▸ ASSIGNMENT
Please retype the listing below, matching every line exactly.

• • •

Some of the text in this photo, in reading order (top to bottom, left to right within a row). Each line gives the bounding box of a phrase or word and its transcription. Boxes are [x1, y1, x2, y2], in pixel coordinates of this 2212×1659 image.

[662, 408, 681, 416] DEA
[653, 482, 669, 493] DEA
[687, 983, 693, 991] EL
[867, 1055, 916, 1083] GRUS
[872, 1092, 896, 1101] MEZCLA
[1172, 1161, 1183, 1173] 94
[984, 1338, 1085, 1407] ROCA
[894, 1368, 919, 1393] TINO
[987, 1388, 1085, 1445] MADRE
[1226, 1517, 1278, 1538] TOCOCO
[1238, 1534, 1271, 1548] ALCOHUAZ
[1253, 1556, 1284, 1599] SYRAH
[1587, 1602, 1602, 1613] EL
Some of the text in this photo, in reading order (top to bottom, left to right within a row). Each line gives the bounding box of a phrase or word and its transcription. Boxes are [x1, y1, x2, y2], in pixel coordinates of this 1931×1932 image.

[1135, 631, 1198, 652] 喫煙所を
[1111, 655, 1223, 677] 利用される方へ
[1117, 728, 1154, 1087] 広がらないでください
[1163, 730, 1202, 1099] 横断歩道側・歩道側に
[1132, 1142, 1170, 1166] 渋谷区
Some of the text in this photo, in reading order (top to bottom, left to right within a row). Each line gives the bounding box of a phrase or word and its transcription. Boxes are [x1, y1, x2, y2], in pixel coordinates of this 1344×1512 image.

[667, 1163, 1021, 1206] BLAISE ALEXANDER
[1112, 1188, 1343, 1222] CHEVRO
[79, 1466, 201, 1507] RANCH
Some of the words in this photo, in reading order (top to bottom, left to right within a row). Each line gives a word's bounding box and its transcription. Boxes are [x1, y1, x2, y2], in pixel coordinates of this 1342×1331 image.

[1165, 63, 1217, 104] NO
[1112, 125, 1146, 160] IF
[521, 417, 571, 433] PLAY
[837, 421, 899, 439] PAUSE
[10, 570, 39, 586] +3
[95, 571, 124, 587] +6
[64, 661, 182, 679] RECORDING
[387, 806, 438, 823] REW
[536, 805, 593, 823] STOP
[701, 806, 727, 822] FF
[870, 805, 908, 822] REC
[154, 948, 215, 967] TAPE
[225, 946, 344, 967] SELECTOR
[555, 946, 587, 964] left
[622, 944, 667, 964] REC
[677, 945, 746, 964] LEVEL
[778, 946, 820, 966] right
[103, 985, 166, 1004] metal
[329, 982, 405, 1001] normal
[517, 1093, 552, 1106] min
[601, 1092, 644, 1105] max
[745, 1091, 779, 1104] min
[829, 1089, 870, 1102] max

• • •

▸ REPLY
Some of the text in this photo, in reading order (top to bottom, left to right within a row). Each line gives the bounding box of a phrase or word and its transcription. Boxes are [x1, y1, x2, y2], in pixel coordinates of this 2212×1659 image.

[662, 408, 681, 416] DEA
[653, 482, 669, 493] DEA
[687, 983, 693, 991] EL
[867, 1055, 916, 1083] GRUS
[872, 1092, 896, 1101] MEZCLA
[1172, 1161, 1183, 1173] 94
[984, 1338, 1085, 1407] ROCA
[894, 1368, 919, 1393] TINO
[987, 1388, 1085, 1445] MADRE
[1226, 1517, 1278, 1538] TOCOCO
[1238, 1534, 1271, 1548] ALCOHUAZ
[1253, 1556, 1284, 1599] SYRAH
[1587, 1602, 1602, 1613] EL
Some of the text in this photo, in reading order (top to bottom, left to right within a row). Each line gives the bounding box of a phrase or word and its transcription. Boxes are [x1, y1, x2, y2], in pixel coordinates of this 1931×1932 image.

[1135, 631, 1198, 652] 喫煙所を
[1111, 655, 1223, 677] 利用される方へ
[1117, 728, 1154, 1087] 広がらないでください
[1163, 730, 1202, 1099] 横断歩道側・歩道側に
[1132, 1142, 1170, 1166] 渋谷区
Some of the text in this photo, in reading order (top to bottom, left to right within a row). Each line gives the bounding box of a phrase or word and its transcription. Boxes are [x1, y1, x2, y2], in pixel coordinates of this 1344×1512 image.

[667, 1163, 1021, 1206] BLAISE ALEXANDER
[1112, 1188, 1343, 1222] CHEVRO
[79, 1466, 201, 1507] RANCH
Some of the words in this photo, in reading order (top to bottom, left to right within a row). Each line gives a word's bounding box and its transcription. Boxes are [x1, y1, x2, y2], in pixel coordinates of this 1342×1331 image.

[1165, 63, 1217, 104] NO
[1112, 125, 1146, 160] IF
[521, 417, 571, 433] PLAY
[837, 421, 899, 439] PAUSE
[10, 570, 39, 586] +3
[95, 571, 124, 587] +6
[64, 661, 182, 679] RECORDING
[387, 806, 438, 823] REW
[536, 805, 593, 823] STOP
[701, 806, 727, 822] FF
[870, 805, 908, 822] REC
[154, 948, 215, 967] TAPE
[225, 946, 344, 967] SELECTOR
[555, 946, 587, 964] left
[622, 944, 667, 964] REC
[677, 945, 746, 964] LEVEL
[778, 946, 820, 966] right
[103, 985, 166, 1004] metal
[329, 982, 405, 1001] normal
[517, 1093, 552, 1106] min
[601, 1092, 644, 1105] max
[745, 1091, 779, 1104] min
[829, 1089, 870, 1102] max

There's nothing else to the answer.